The dynamic of contrast agent and surrounding fluid in the vicinity of a wall for sonoporation

TL;DR

This study models the behavior of contrast microbubbles near a cell-like wall under ultrasound, analyzing how their collapse generates shear stress that can perforate cell membranes, using boundary element simulations with different encapsulation models.

Contribution

It introduces a boundary element method simulation of contrast microbubble dynamics near a rigid wall, comparing viscoelastic and Marmottant models for encapsulation effects.

Findings

Microbubbles form high-velocity microjets towards the wall.

Shear stress on the wall depends on microbubble parameters.

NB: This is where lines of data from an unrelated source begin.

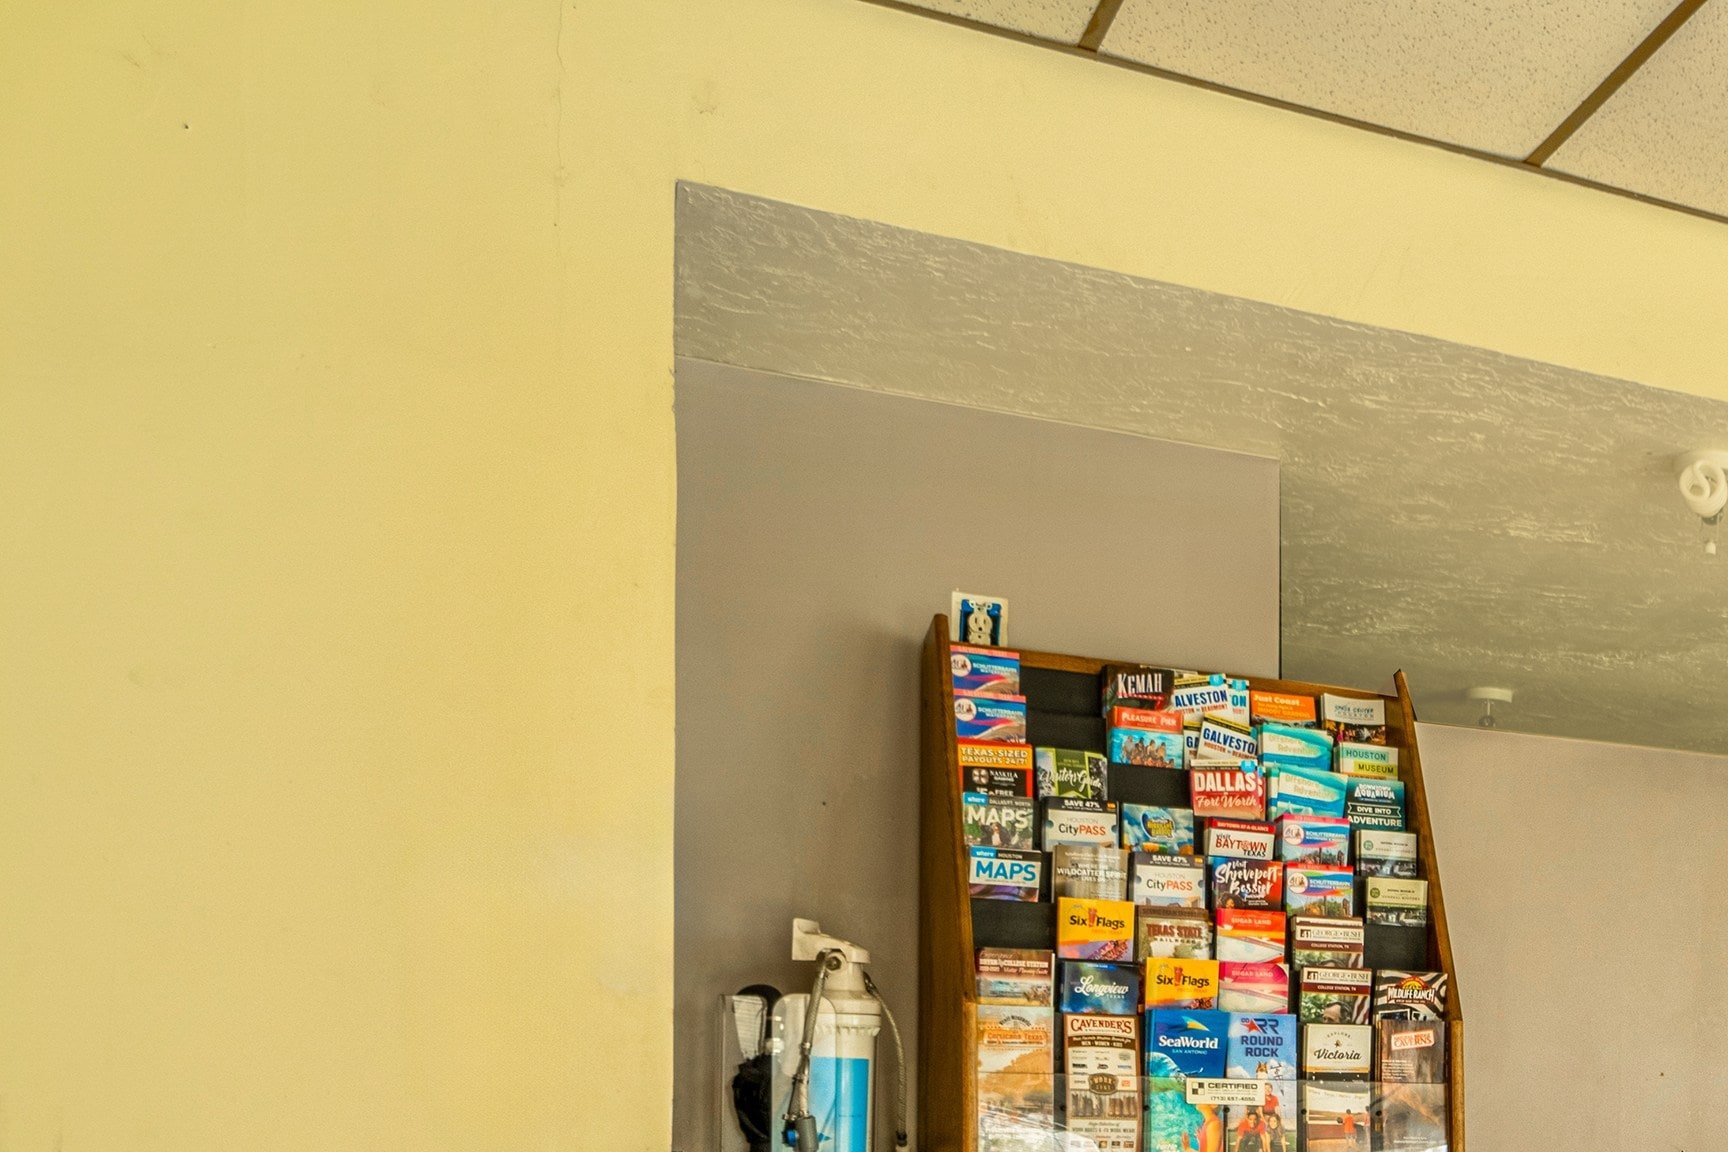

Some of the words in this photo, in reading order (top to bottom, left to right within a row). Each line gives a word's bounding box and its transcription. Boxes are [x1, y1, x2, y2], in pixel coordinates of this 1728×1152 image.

[1117, 673, 1163, 698] KEMAH
[1175, 690, 1228, 708] ALVESTON
[1122, 712, 1158, 724] PLEASURE
[1203, 728, 1258, 754] GALVESTO
[962, 755, 1003, 763] PAYOUTS
[1346, 750, 1386, 761] HOUSTON
[1358, 763, 1394, 774] MUSEUM
[1194, 772, 1256, 792] DALLAS
[1354, 786, 1396, 800] AQUARIUM
[1064, 799, 1083, 807] SAVE
[1196, 795, 1221, 807] Fort
[1222, 795, 1257, 808] Worth
[1357, 806, 1373, 814] DIVE
[1375, 807, 1391, 815] INTO
[967, 806, 1028, 829] MAPS
[1348, 815, 1402, 827] ADVENTURE
[1058, 823, 1106, 836] CityPASS
[1216, 837, 1268, 851] BAYTOWN
[1152, 854, 1172, 862] SAVE
[1243, 849, 1266, 857] TEXAS
[976, 860, 1036, 881] MAPS
[1146, 879, 1193, 891] CityPASS
[1229, 881, 1274, 895] Bossier
[1070, 915, 1087, 925] Six
[1096, 916, 1125, 930] Flags
[1146, 924, 1175, 937] TEXAS
[1177, 925, 1202, 939] STATE
[1074, 975, 1129, 996] Longview
[1157, 974, 1173, 985] Six
[1182, 976, 1210, 989] Flags
[1387, 987, 1413, 1000] WILDLIFE
[1413, 988, 1435, 1002] RANCH
[1071, 1018, 1133, 1034] CAVENDER'S
[1158, 1036, 1219, 1049] SeaWorld
[1241, 1035, 1283, 1046] ROUND
[1245, 1047, 1279, 1057] ROCK
[1313, 1049, 1362, 1061] Victoria
[1207, 1082, 1258, 1090] CERTIFIED

Encapsulation models influence microbubble collapse behavior.

Abstract

Contrast microbubbles (contrast agents) were initially developed to increase the contrast of the image in ultrasound imaging. These microbubbles consist of a gas core encapsulated by a layer of protein or lipid to stabilize them against early dissolution in the bloodstream. Contrast agents, in the presence of ultrasound, can also help facilitate the uptake of drugs and genes in to desired cells through the process called sonoporation. Sonoporation is the temporarily rupture of cell membranes in the presence of ultrasound. In this work, we have studied the contrast agent near a rigid wall (assumed as a cell membrane with high elastic modulus) in the presence of ultrasound using boundary element method. The contrast agent forms non-symmetrical high velocity microjet at the last stage of the collapse phase. The microjet and the adjacent surrounding fluid move toward the rigid wall with a very high velocity. This high velocity fluid impinges the wall and spreads radially along it. This will generate high velocity gradient on the wall which gives rise to shear stress resulting in the perforation of cell membrane. The encapsulation of the microbubble can be assumed as an interface with an infinitesimal thickness. There are several models to simulate the interface. In this study, the encapsulation is simulated with two models; viscoelastic model with exponentially varying elasticity (EEM) and Marmottant model. In this research, we have studied the effect of different parameters on the dynamics of the contrast microbubble, the induced shear stress on the wall due to its collapse, and the velocity and pressure fields surrounding the contrast microbubble, to better understand sonoporation.